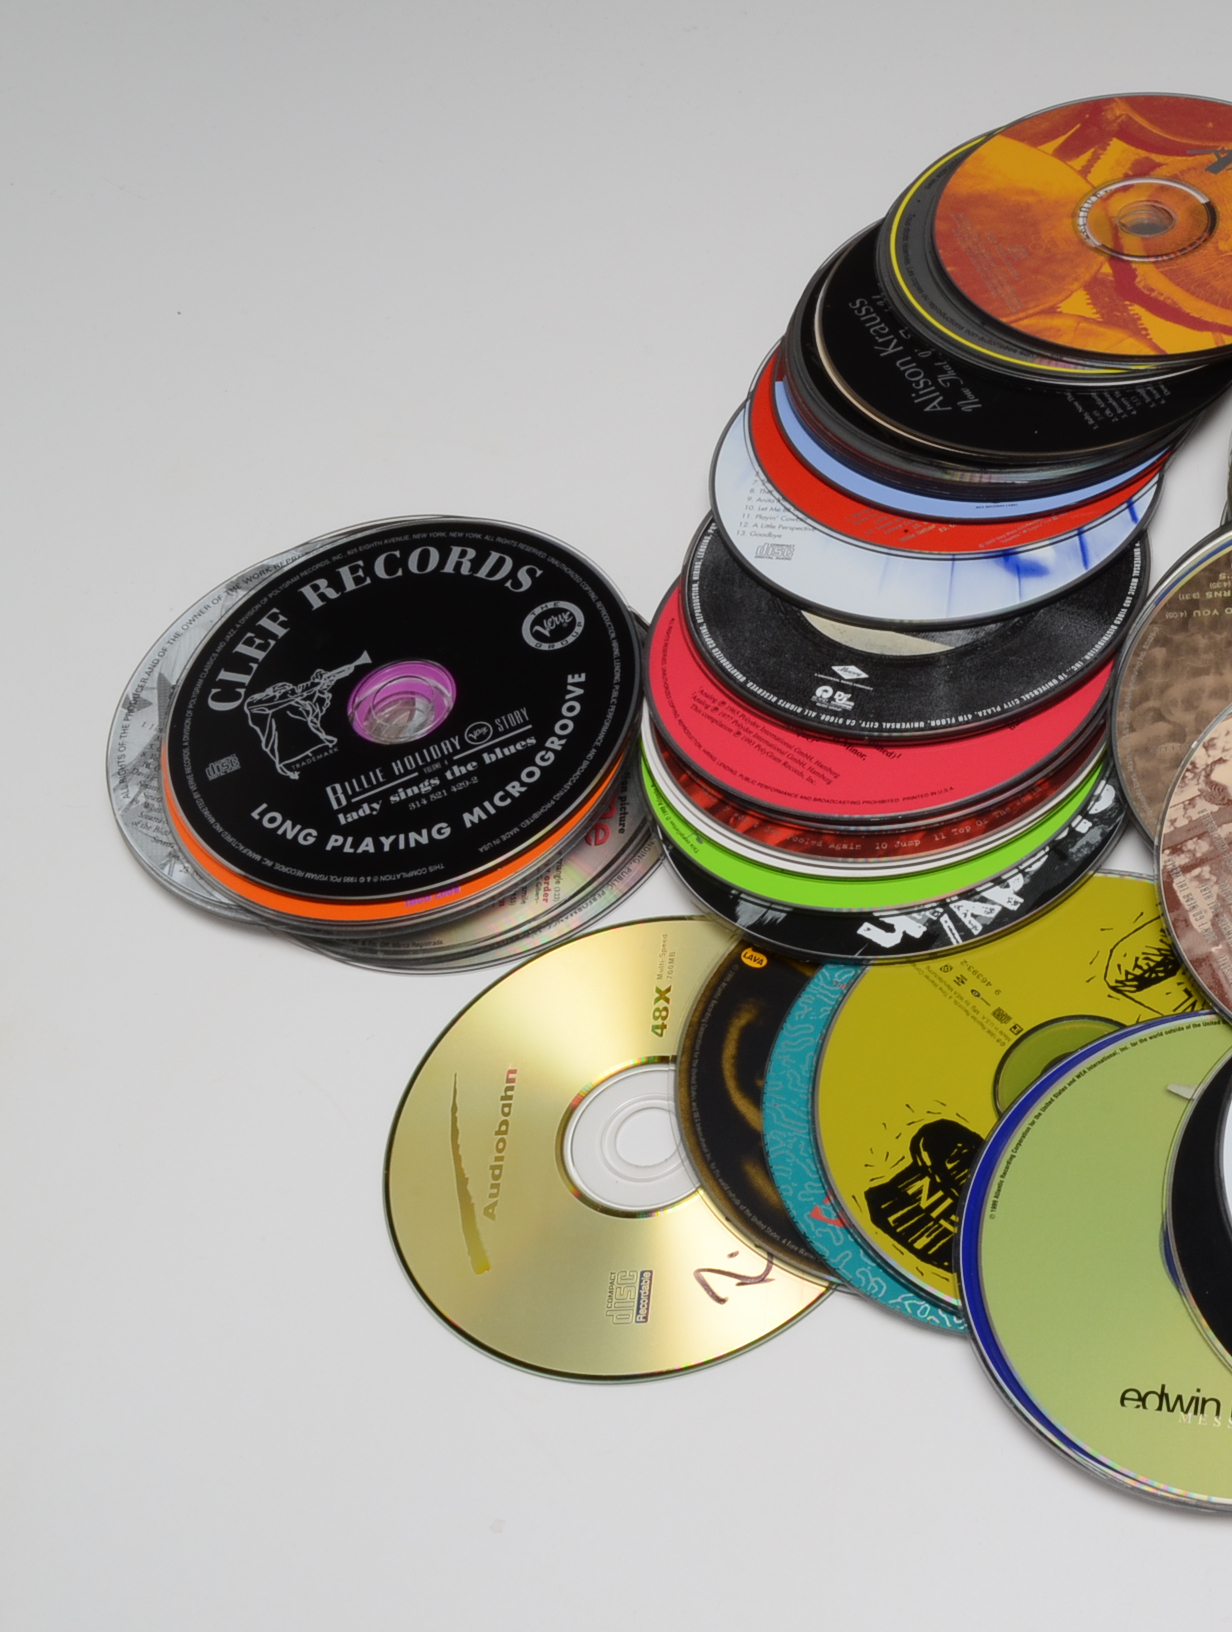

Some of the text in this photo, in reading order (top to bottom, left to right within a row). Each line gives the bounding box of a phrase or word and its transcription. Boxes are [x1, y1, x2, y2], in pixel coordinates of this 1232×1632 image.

[849, 298, 952, 412] Alison Krauss
[750, 530, 782, 539] Goodbye
[1116, 547, 1142, 625] UNIVERSAL MUSIC AND VIDEO
[181, 603, 212, 633] OWNER
[207, 545, 544, 712] CLEF RECORDS
[1193, 609, 1219, 617] YOU
[713, 649, 747, 683] UNAUTHORIZED
[777, 699, 803, 714] RIGHTS
[882, 720, 925, 729] UNIVERSAL
[250, 672, 586, 853] LONG PLAYING MICROGROOVE
[291, 746, 339, 770] TRADEMARK
[325, 707, 530, 811] BILLIE HOLIDAY STORY
[337, 735, 537, 826] lady sings the blues
[408, 796, 428, 811] 314
[429, 788, 448, 802] 521
[617, 792, 632, 835] picture
[894, 839, 921, 849] Jump
[951, 825, 972, 836] Top
[666, 951, 677, 980] 700MB
[742, 952, 765, 967] LAVA
[959, 958, 994, 988] 46393-2
[650, 933, 673, 1038] 48X Multi-Speed
[482, 1066, 519, 1222] Audiobahn
[995, 1179, 1003, 1200] Atlantic
[1000, 1154, 1016, 1181] Recording
[1011, 1125, 1031, 1154] Corporation
[606, 1270, 617, 1309] COMPACT
[610, 1270, 639, 1326] disc
[636, 1270, 652, 1324] Recordable
[1120, 1384, 1221, 1417] edwin
____________
The data above needs to be retyped exactly, with the images left out.

◆ **RESPONSE TO THE TASK**:
Some of the text in this photo, in reading order (top to bottom, left to right within a row). Each line gives the bounding box of a phrase or word and its transcription. Boxes are [x1, y1, x2, y2], in pixel coordinates of this 1232×1632 image.

[849, 298, 952, 412] Alison Krauss
[750, 530, 782, 539] Goodbye
[1116, 547, 1142, 625] UNIVERSAL MUSIC AND VIDEO
[181, 603, 212, 633] OWNER
[207, 545, 544, 712] CLEF RECORDS
[1193, 609, 1219, 617] YOU
[713, 649, 747, 683] UNAUTHORIZED
[777, 699, 803, 714] RIGHTS
[882, 720, 925, 729] UNIVERSAL
[250, 672, 586, 853] LONG PLAYING MICROGROOVE
[291, 746, 339, 770] TRADEMARK
[325, 707, 530, 811] BILLIE HOLIDAY STORY
[337, 735, 537, 826] lady sings the blues
[408, 796, 428, 811] 314
[429, 788, 448, 802] 521
[617, 792, 632, 835] picture
[894, 839, 921, 849] Jump
[951, 825, 972, 836] Top
[666, 951, 677, 980] 700MB
[742, 952, 765, 967] LAVA
[959, 958, 994, 988] 46393-2
[650, 933, 673, 1038] 48X Multi-Speed
[482, 1066, 519, 1222] Audiobahn
[995, 1179, 1003, 1200] Atlantic
[1000, 1154, 1016, 1181] Recording
[1011, 1125, 1031, 1154] Corporation
[606, 1270, 617, 1309] COMPACT
[610, 1270, 639, 1326] disc
[636, 1270, 652, 1324] Recordable
[1120, 1384, 1221, 1417] edwin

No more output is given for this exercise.